第4話 初勝利

「おらぁああ!!!」


 化け猪に向かって両手を突き出す棚見。


 それに合わせるかのように、弾丸を彷彿とさせる突進を繰り出す化け猪。

 両者がぶつかった時、辺りに衝撃が風となって吹き荒れた。


「うぉっ!?」


 思わず尻もちをついてしまう俺。

 今の衝撃は何だ!? まるで交通事故でも起きたかのような……。


 そんな俺の驚きなどお構いなしに棚見と化け猪の攻防が続く。


「がぁあああ!!」


 化け猪の牙を両手で握り込んで足を踏ん張る棚見。


「ぐ、ぬぅ……っ!!」


 その牙を必死に押し返そうとするが、徐々に後退していく棚見。

 体格の差は歴然だ。このままでは力負けしてそのままあの牙に貫かれてしまうだろう。


「お、おい!」


 思わずそう声をかけてしまった俺だったが、それがまずかったのか化け猪の標的がこちらへと移ってしまったようだ。

 ギョロリとした目で俺を見据えると、ゆっくりとこちらに視線を向き始めた。

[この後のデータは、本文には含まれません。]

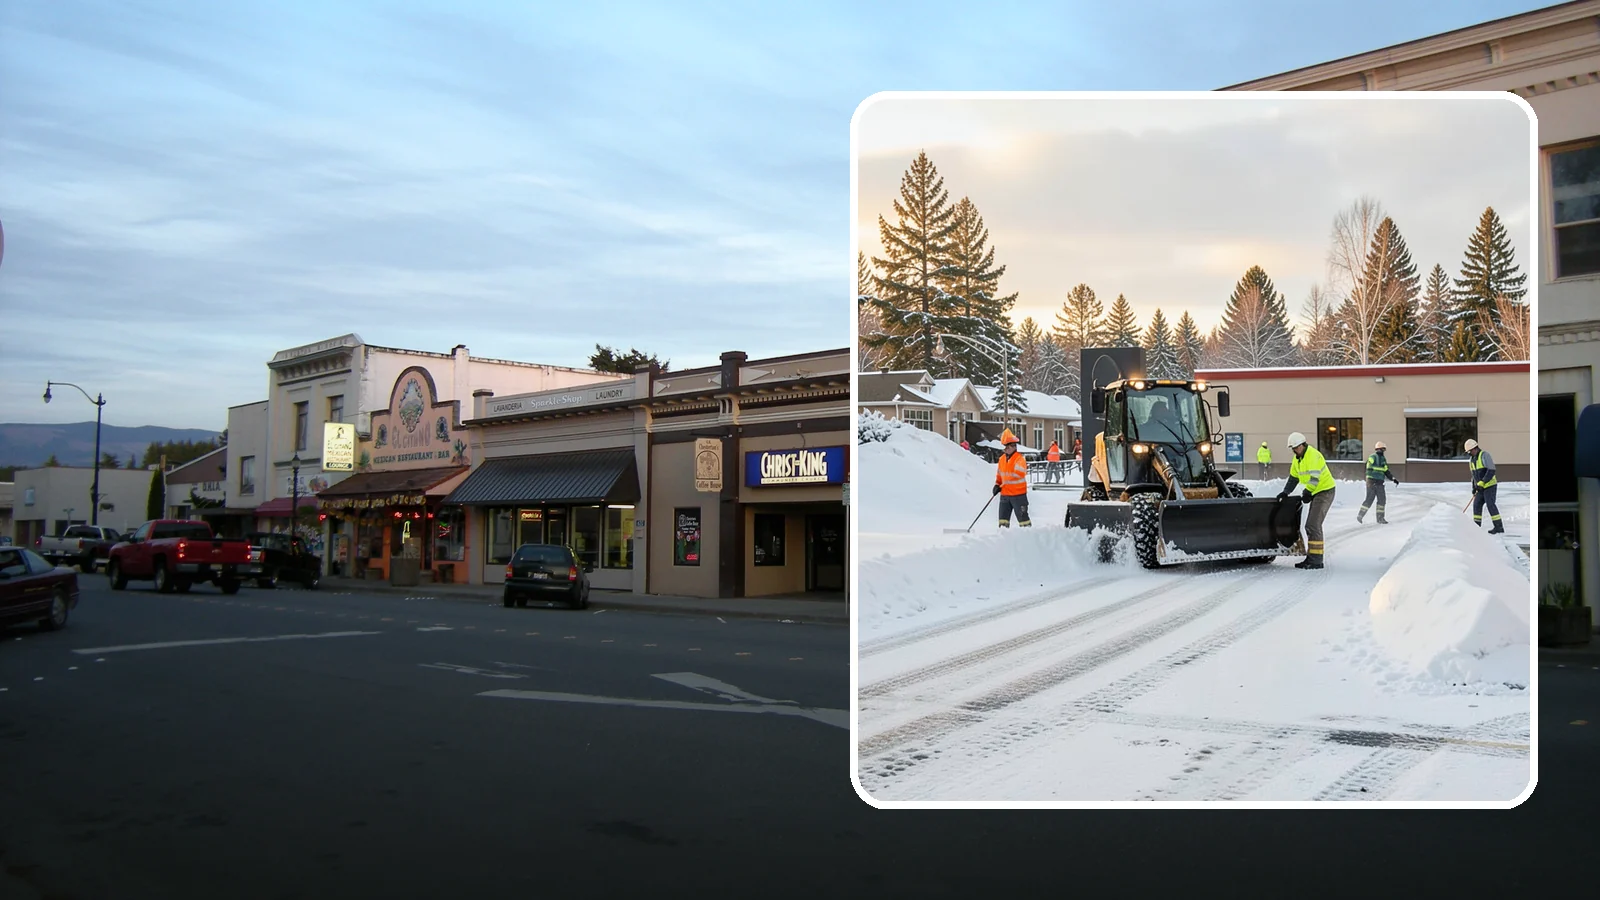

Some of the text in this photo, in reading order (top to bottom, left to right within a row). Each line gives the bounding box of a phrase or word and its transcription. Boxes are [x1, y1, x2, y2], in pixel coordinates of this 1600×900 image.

[595, 389, 623, 400] LAUNDRY
[531, 394, 582, 409] Sparkle Shop
[493, 402, 523, 413] LAVANDERIA
[397, 452, 433, 462] RESTAURANT
[438, 451, 450, 459] BAR
[799, 450, 828, 476] KING
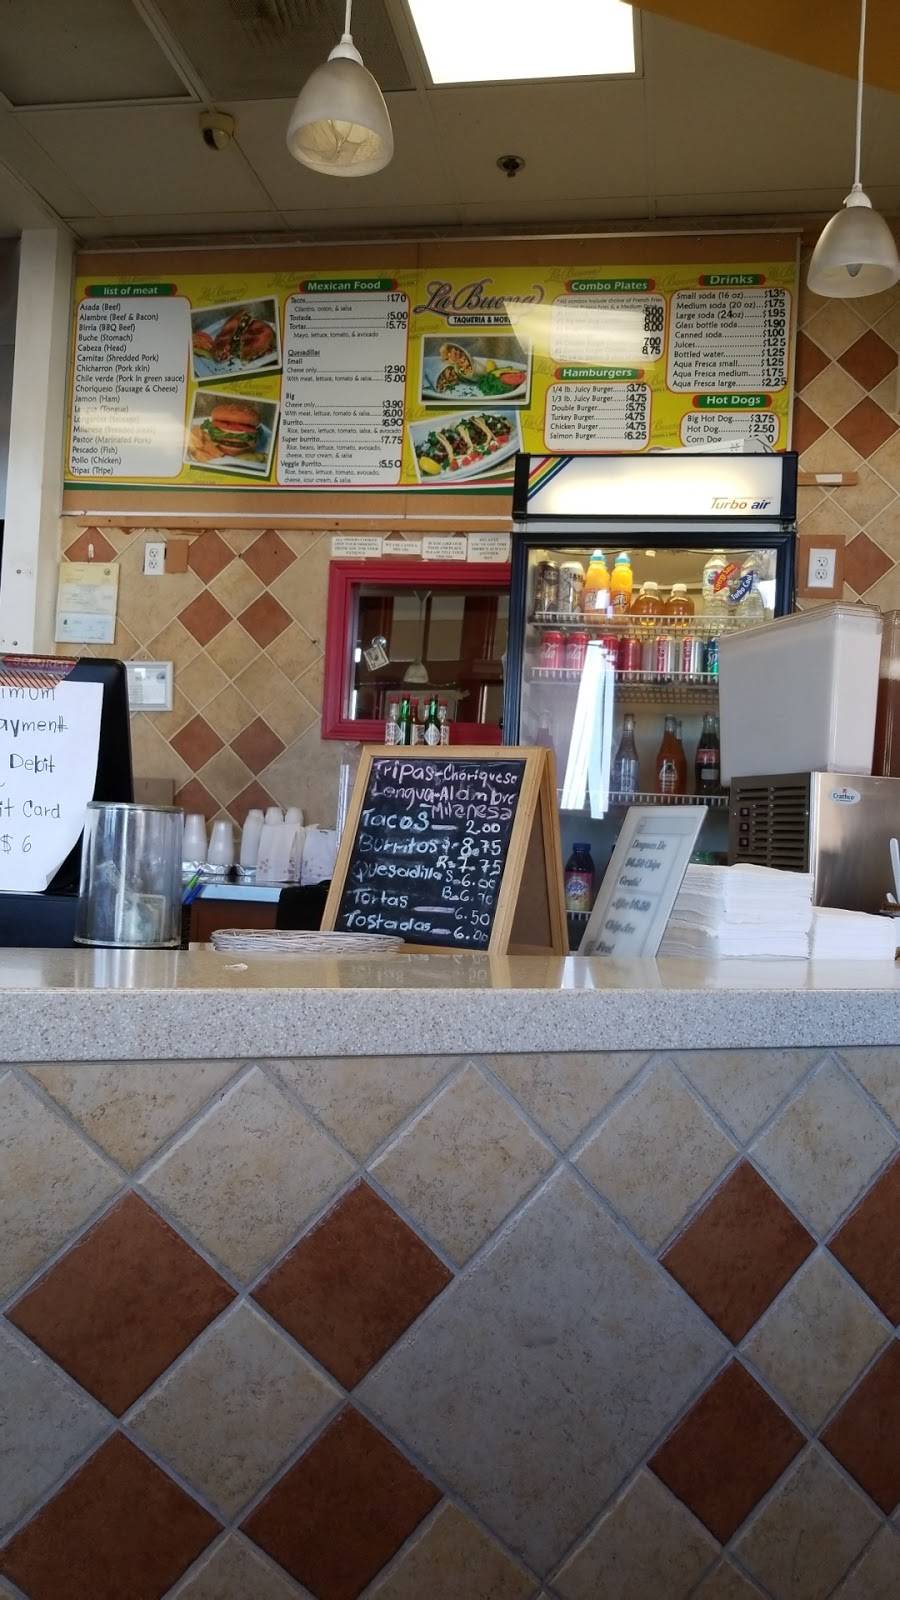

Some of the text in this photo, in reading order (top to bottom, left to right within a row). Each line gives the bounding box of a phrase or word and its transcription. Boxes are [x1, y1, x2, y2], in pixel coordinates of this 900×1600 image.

のだが……。


「おいおいデートの途中で他の男を見るのはマナー違反だぜ? しっかりオレの相手してくれよっなぁあ!」


 棚見が化け猪の牙を両手で掴んだまま、その下顎に膝蹴りを叩き込んでいた。


「おぉっとぉ! まだまだデートはこれからだぜレディー!」


 怯んだ化け猪から距離を取ると、今度は両手を地面につけた状態での突進を繰り出す棚見。

 それをモロに食らった化け猪は堪らず後ろに下がる。

 だがすぐに起き上がり、怒りの形相で再び棚見へと突進していく。


(だがまずい! 時間稼ぎなんて言ったのは勝てないとわかっていたからだ、このまま棚見の奴――)


 ――死んでしまう!


(だがどうする? 打つ手なんて無いんだ、お互い何の能力を持ってるかなんて知らされてない以上打開策なんて思いつかないっ!)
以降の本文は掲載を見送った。